GWS was published continuously until December, 2001, sixteen years after John Holt passed away. At that time the staff of Holt Associates sent a letter to its readership and friends, which said, in part, “In running an operation like Holt Associates – one that is more about spreading ideas than about making money – there is always an inherent tension between trying to make information and support available to people who need it and trying to meet the expenses involved in doing that work. Some of the ways we’ve tried to cut our expenses and increase our income over the years have worked, but ultimately this has not been enough to sustain the entire enterprise.”
After 143 issues filled with insights, opinions, networking, experiences, court cases, essays, legal findings, questions, answers, legislative actions, discussions, book excerpts and so much more, Growing Without Schooling stopped publication. The loss to the homeschooling community was keenly felt, and the void its passing left has never been filled.
GWS Online
In a review of the book Growing Without Schooling: Record of a Grassroots Movement, award-winning teacher and author John Taylor Gatto described GWS as, “A record of grassroots human accomplishment in the face of pedagogical theories which deny that such events are even possible…”

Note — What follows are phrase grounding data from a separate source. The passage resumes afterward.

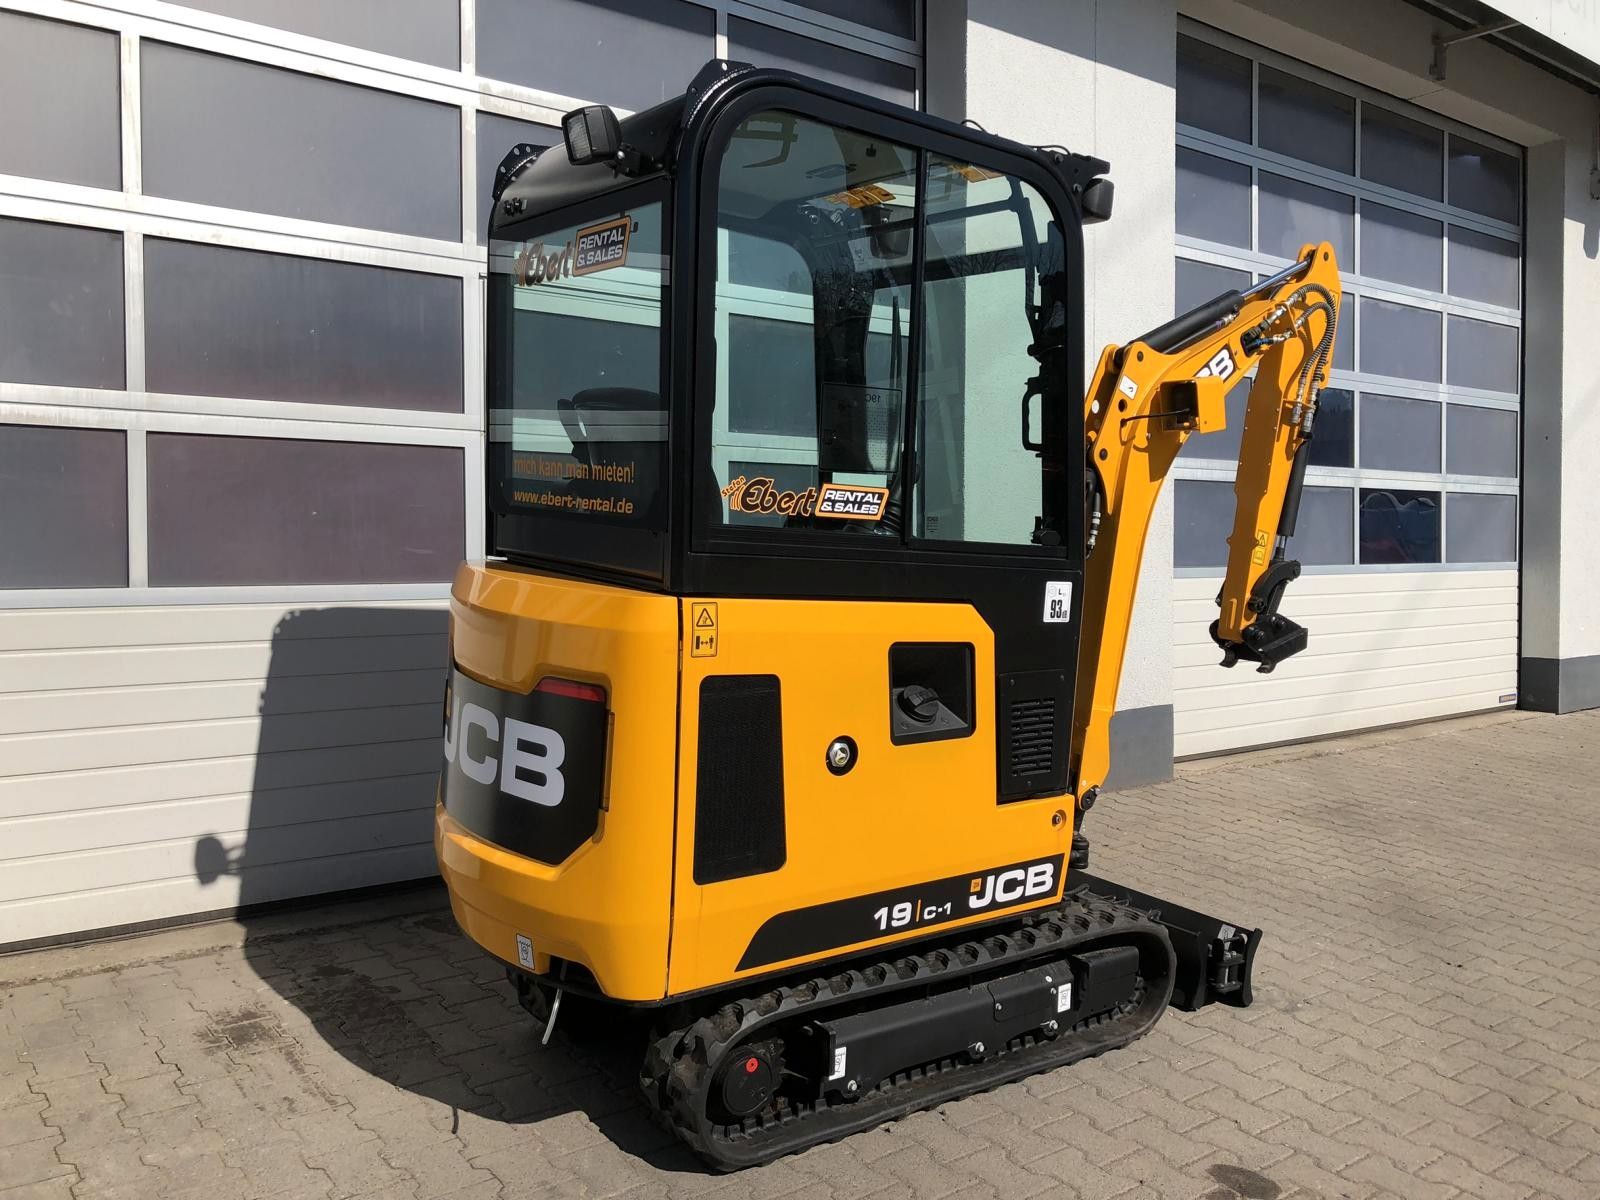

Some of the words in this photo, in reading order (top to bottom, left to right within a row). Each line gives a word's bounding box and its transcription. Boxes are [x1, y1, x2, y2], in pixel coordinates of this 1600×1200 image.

[578, 227, 625, 251] RENTAL
[525, 240, 573, 287] Ebert
[576, 254, 586, 267] &
[586, 244, 624, 265] SALES
[513, 456, 538, 475] mich
[539, 458, 563, 478] kann
[567, 462, 589, 480] man
[592, 460, 635, 483] mieten!
[513, 489, 634, 514] www.ebert-rental.de
[741, 477, 817, 517] Ebert
[820, 502, 832, 512] &
[833, 502, 880, 515] SALES
[824, 490, 882, 504] RENTAL
[1050, 599, 1063, 618] 93
[445, 697, 565, 806] JCB
[968, 862, 1054, 909] JCB
[873, 902, 913, 931] 19
[923, 902, 952, 921] C-1

A record of grassroots human accomplishment… That is the beauty – and the genius – of Growing Without Schooling. In an effort to help preserve that record we at Home Education Magazine have been working for some time now with Patrick Farenga, President of Holt Associates and an old and dear friend, to make all of the copies of GWS available online at our unschooling.com web site. HEM General Manager Mary Nix has been editing (presentation only, not content) and uploading the issues for several weeks as I write this, and Patrick sent a letter introducing the issues, which says in part:
“Posting issues of Growing Without Schooling magazine (GWS) online is exhilarating to me, and a bit sad. Exhilarating because I am excited that a new audience of children and adults will be able to read these issues almost exactly as they were published nearly thirty years ago. Sad because their posting achingly reminds me of the loss of my friend and mentor John Holt, and because they mark a fascinating period of my own life that is now considered ‘historic.’

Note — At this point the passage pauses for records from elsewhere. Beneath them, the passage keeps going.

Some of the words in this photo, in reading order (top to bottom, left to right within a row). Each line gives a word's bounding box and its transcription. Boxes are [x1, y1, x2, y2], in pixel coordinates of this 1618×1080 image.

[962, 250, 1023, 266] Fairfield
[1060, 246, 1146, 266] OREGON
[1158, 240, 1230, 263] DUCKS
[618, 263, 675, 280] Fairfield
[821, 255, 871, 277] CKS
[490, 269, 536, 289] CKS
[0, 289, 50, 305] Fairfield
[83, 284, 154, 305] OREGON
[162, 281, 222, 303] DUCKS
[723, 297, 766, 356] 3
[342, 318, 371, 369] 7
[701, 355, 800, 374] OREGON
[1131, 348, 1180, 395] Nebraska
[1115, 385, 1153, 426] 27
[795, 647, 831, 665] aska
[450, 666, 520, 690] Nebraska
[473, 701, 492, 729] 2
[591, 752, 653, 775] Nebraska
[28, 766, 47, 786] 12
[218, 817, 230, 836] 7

“…Bringing these issues to the Internet is a group effort. I am using old hardware to find materials that were saved on magnetic tape, single-sided 400K disks, and Olivetti word processing floppy disks to recreate the back issues, so we will be posting the issues according to their ease of retrieval rather than as a chronological project. The Hegeners, Mary Nix, and their assistants are patiently formatting and posting the issues as I pull them out from the archives. I hope to post issues that have been out of print the longest first.”

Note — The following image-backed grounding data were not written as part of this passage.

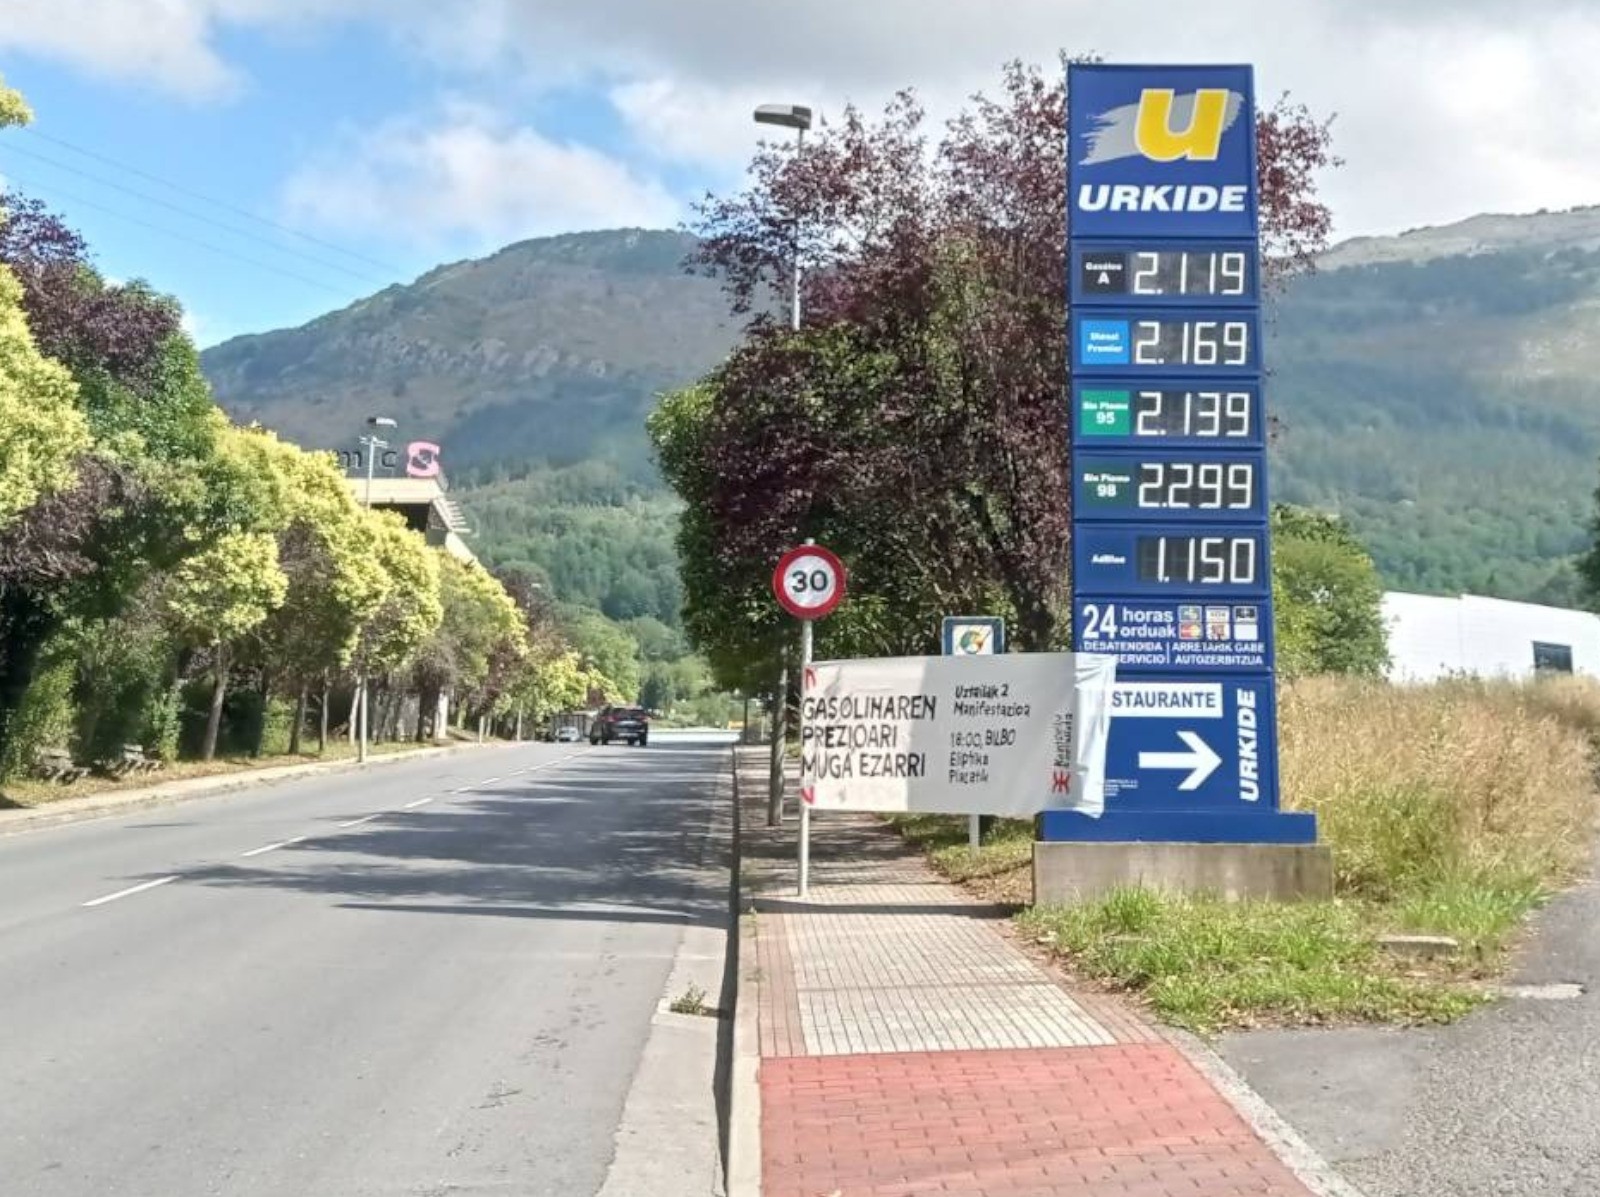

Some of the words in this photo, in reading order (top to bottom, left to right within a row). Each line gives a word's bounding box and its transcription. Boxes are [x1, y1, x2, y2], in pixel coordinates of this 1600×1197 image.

[1078, 184, 1248, 212] URKIDE
[1098, 272, 1110, 284] A
[1133, 252, 1245, 295] 2.119
[1135, 322, 1248, 365] 2.169
[1096, 411, 1115, 424] 95
[1137, 392, 1250, 437] 2.139
[1097, 484, 1117, 497] 98
[1138, 463, 1252, 509] 2.299
[1158, 537, 1255, 583] 1.150
[792, 569, 828, 592] 30
[1083, 604, 1118, 639] 24
[1122, 607, 1174, 623] horas
[1120, 624, 1177, 637] orduak
[1083, 641, 1163, 652] DESATENDIDA
[1234, 643, 1266, 653] GABE
[1001, 683, 1009, 697] 2
[1111, 691, 1216, 708] STAURANTE
[802, 695, 936, 721] GASOLINAREN
[802, 724, 897, 749] PREZIOARI
[985, 728, 1016, 746] BILBO
[1237, 688, 1260, 801] URKIDE
[801, 751, 852, 779] MUGA
[859, 752, 926, 777] EZARRI

The staff and management of Home Education Magazine are thrilled to be making this important homeschooling publication available for anyone to read free online. Patrick notes, “If you want to actually own and hold an issue of GWS in your hands, you can still purchase a few original back issues of GWS from www.FUN-Books.com.”
Whether you read them on your computer at www.unschooling.com or order a few back issues to read from the original print, we hope you will find time to read these wonderfully encouraging and still very empowering issues of homeschooling’s very first publication.